Challenge to education – The Statesman

Ayear ago, most stakeholders in the education process were blindsided by the realization that closure of educational institutions were to be for an indefinite period. Accepting that education had to be carried out in the virtual medium, there was overnight a flood of online platforms catering to the newfound necessity of contacting the student community and keeping a semblance of education going under severe socio-economic conditions. The immediate crisis that came to the fore tore across the student community and the proverbial divide between the haves and have-nots was put into the sharpest focus, unseen across generations.

Dependence on the internet and suitable and expensive mobility equipment immediately threw almost half of the nations student population out of the educational system. Compounded by the fact that sudden closure of establishments rendered millions without the basic necessities of existence, it was a foregone conclusion that poverty would push another 30 per cent of the student population out of the reach of educational institutions. Effectively, within a month, the active student population of the country shrunk by 80 per cent and by June 2020 it was a foregone conclusion that most of the dropouts would be unable to return to the fold in the near future.

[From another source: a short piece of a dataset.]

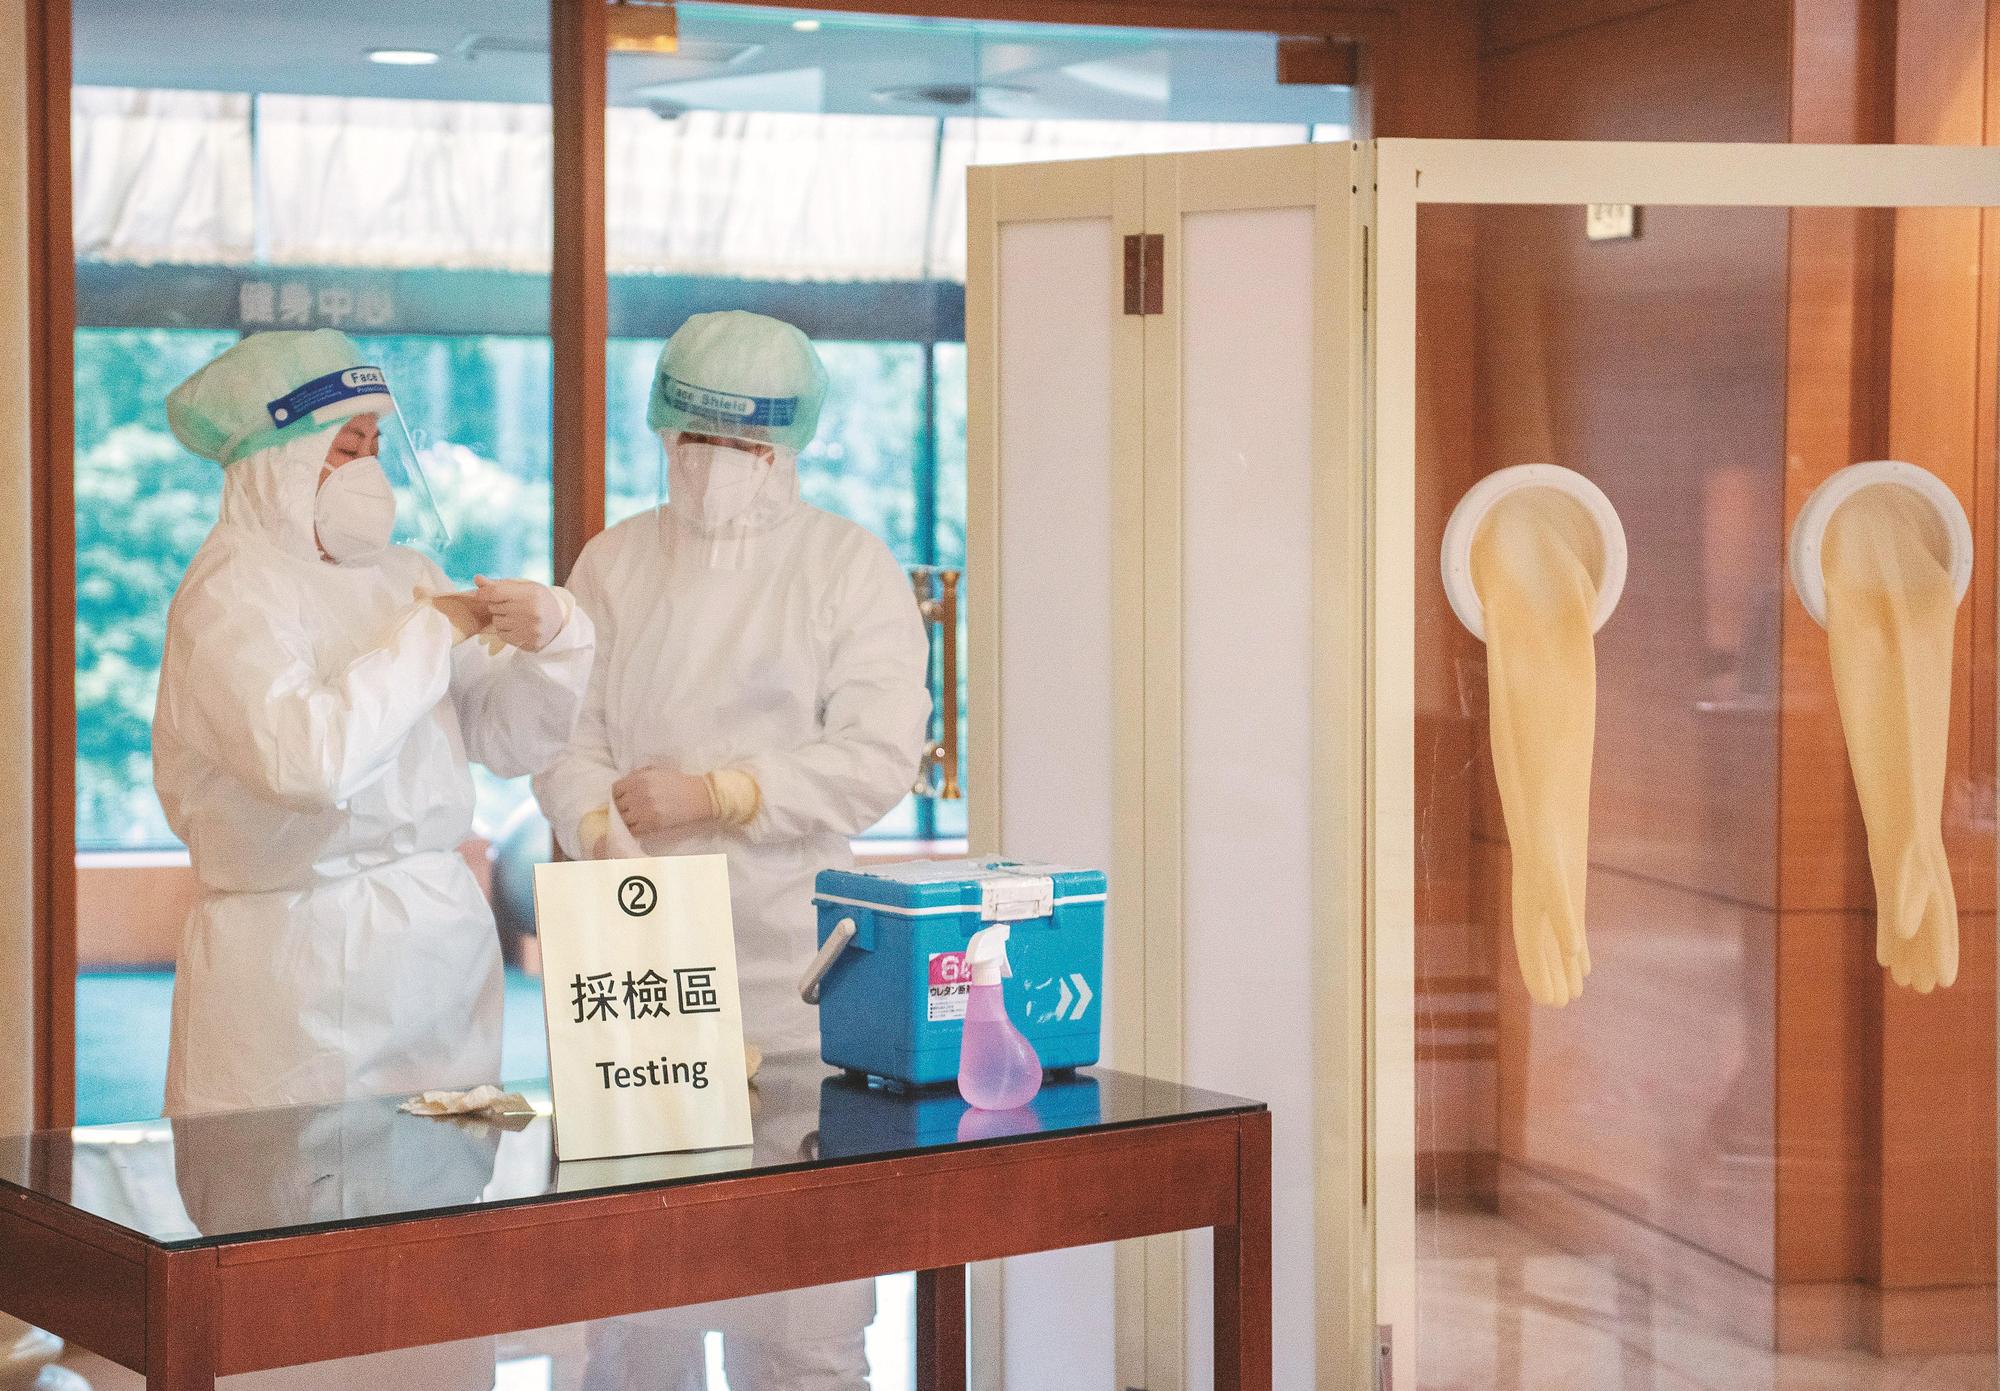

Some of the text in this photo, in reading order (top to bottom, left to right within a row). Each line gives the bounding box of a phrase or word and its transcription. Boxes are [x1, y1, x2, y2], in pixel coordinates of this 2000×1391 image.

For a country whose policy makers and stakeholders had been exerting themselves continuously to bring down student drop-outs to single digit percentages, the sudden turn of events annulled decades of painstaking reach-out to bring in inclusive education across the country. Also, the sudden closure of educational institutions and the consequent mass dropouts across the country rendered the newly framed National Educational Policy practically infructuous in the short and medium run. The crisis is not limited to our country with UNESCO figures claiming a total drop-out number of 1.6 billion children on a modest estimate.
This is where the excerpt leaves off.